Diversi docenti prendono posizione. Carobbio (Decs): ‘Sul tavolo la possibilità di offrire percorsi diversi’. Lunedì nessuna risposta alle interpellanze
Aspiranti insegnanti senza ore, monta la polemica. Sono oltre sessanta – sessantadue per la precisione, tra nominati, abilitati e abilitandi – i docenti di scuola media e scuola media superiore che hanno sottoscritto una fitta lettera all’indirizzo del Dipartimento educazione, cultura e sport (Decs) e del Dipartimento formazione apprendimento (Dfa) di Locarno. Documento in cui non vengono usati mezzi termini: “Siamo delusi e profondamente preoccupati – si legge – per il nostro futuro. Da anni ci viene chiesto di riporre fiducia e pazienza, ma la continua incertezza sta minando la nostra sicurezza e serenità.

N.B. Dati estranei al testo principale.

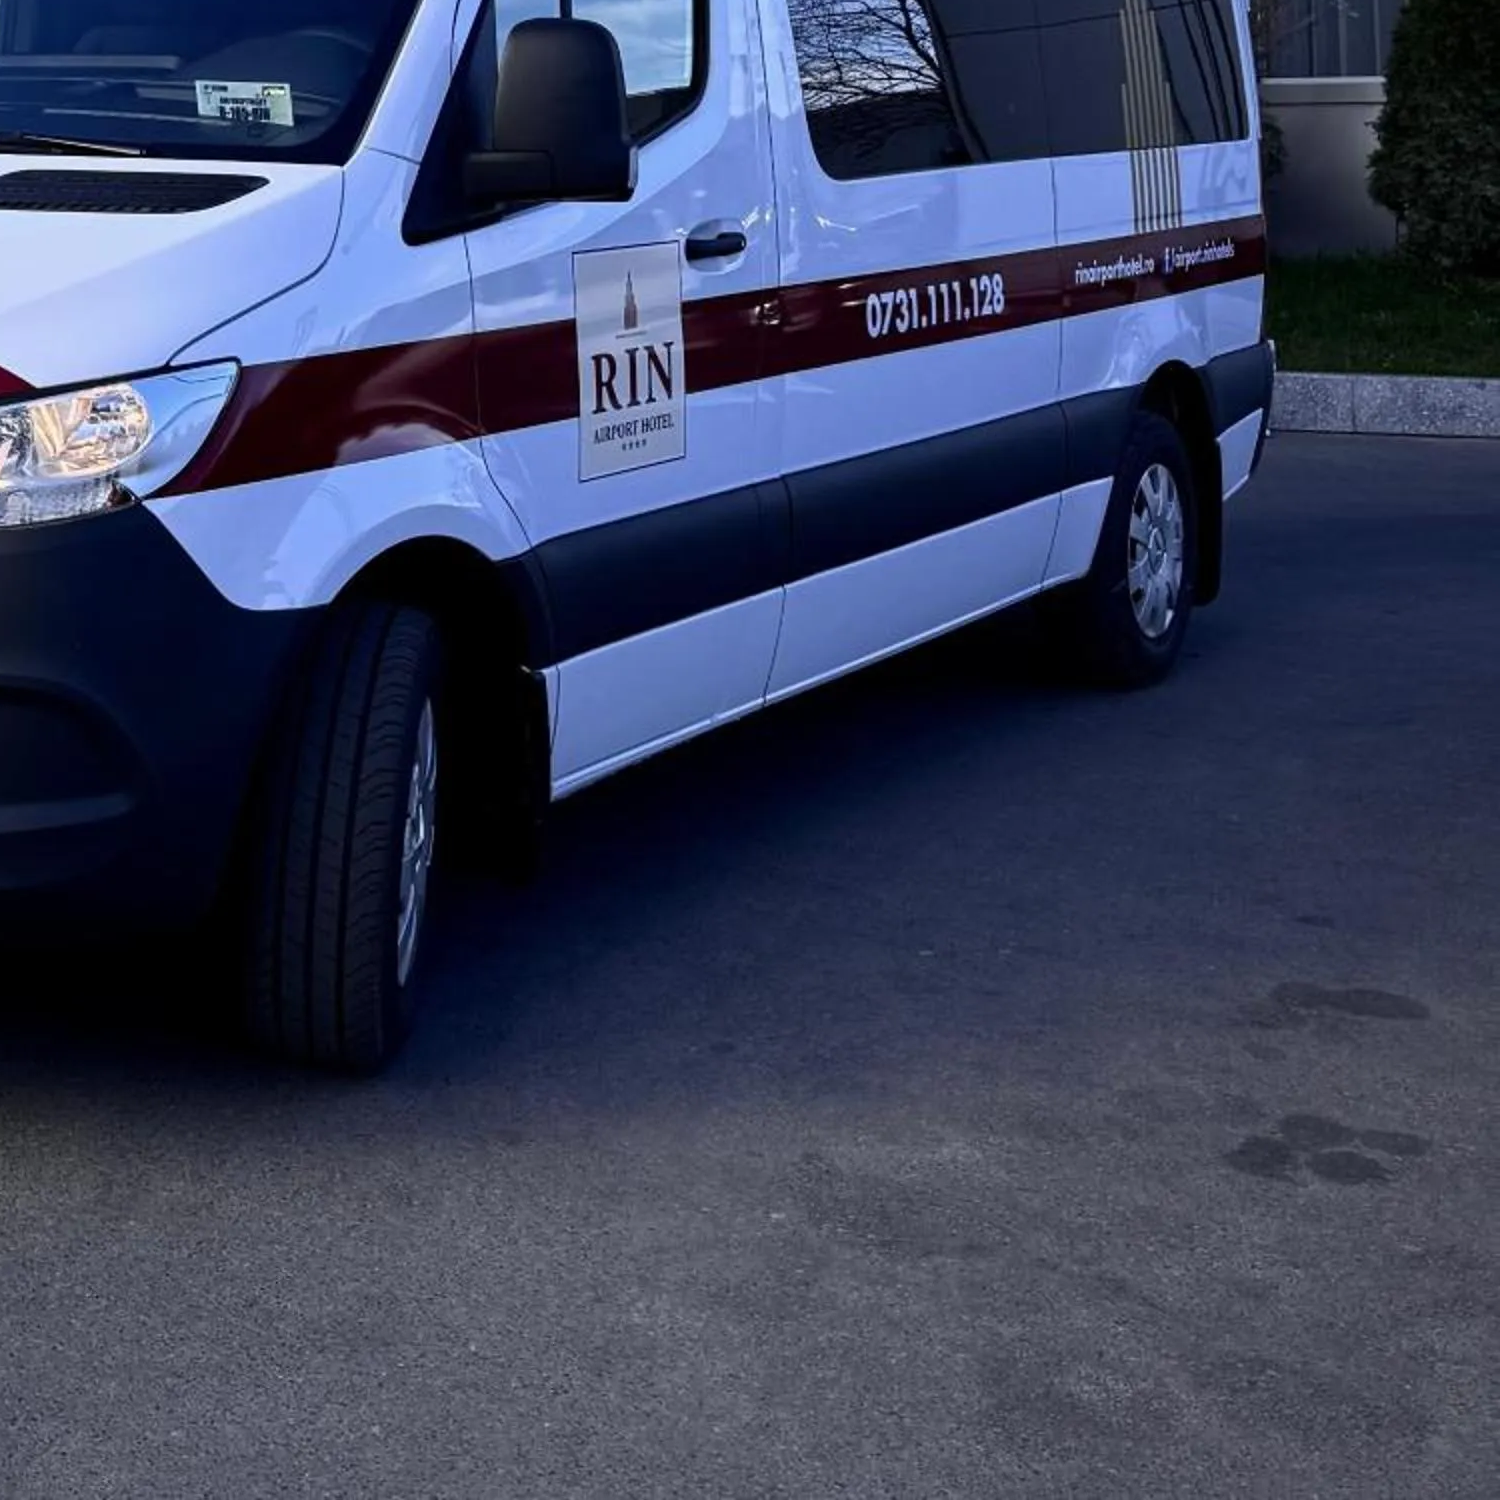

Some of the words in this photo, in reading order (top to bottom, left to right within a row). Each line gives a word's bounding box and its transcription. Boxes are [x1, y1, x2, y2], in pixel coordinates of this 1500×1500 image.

[866, 273, 1004, 338] 0731.111.128
[591, 341, 674, 414] RIN
[593, 419, 638, 445] AIRPORT
[641, 414, 674, 435] HOTEL

I docenti, che hanno investito anni in un lungo percorso di formazione, non possono continuare a subire questa condizione di instabilità”. Motivo per cui, viene auspicato, “è giunto il momento di dare risposte concrete e immediate”.
Il caso dei tredici docenti di italiano del medio superiore, si puntualizza però nella presa di posizione, “non è affatto un unicum”. Tant’è che, incalzano i firmatari, “la mancanza di trasparenza rilevabile nel corso degli studi al Dfa pare permeare non solo il percorso di abilitazione per le scuole medie superiori (sms), ma anche quello di coloro che conseguono un master in Insegnamento per la scuola media (sm)”. Numerosi gli esempi snocciolati dai firmatari della lettera. Tra questi il caso “dei docenti d’italiano (sm) abilitati nel 2022 e nel 2023, molti dei quali lavorano a bassa percentuale, poiché il mercato del lavoro non riesce ad assorbire la continua richiesta d’ore”. Non pochi i casi in cui qualcosa va storto. “Sempre per la materia italiano – viene rilevato – nel giugno 2024 sono stati abilitati dodici docenti, e tutti hanno svolto il concorso d’assunzione cantonale”. L’aspettativa? “Che la maggior parte di questi avrebbe ottenuto un impiego, ma le attese sono state deluse: solo pochi abilitati hanno ricevuto una quota oraria dignitosa, gli altri hanno invece ottenuto percentuali lavorative che variano dal 10 al 45%, e che evidentemente non permettono la sopravvivenza in Ticino”. Tali “errori di calcolo”, sostengono i firmatari, proseguono. “Sempre nel 2024 – rievoca la presa di posizione – lo stesso schema si è ripetuto per altre discipline delle sm. La stragrande maggioranza dei docenti di storia ha ottenuto percentuali di lavoro esigue, normalmente inferiori al 50% e spinte fino a un 4%”.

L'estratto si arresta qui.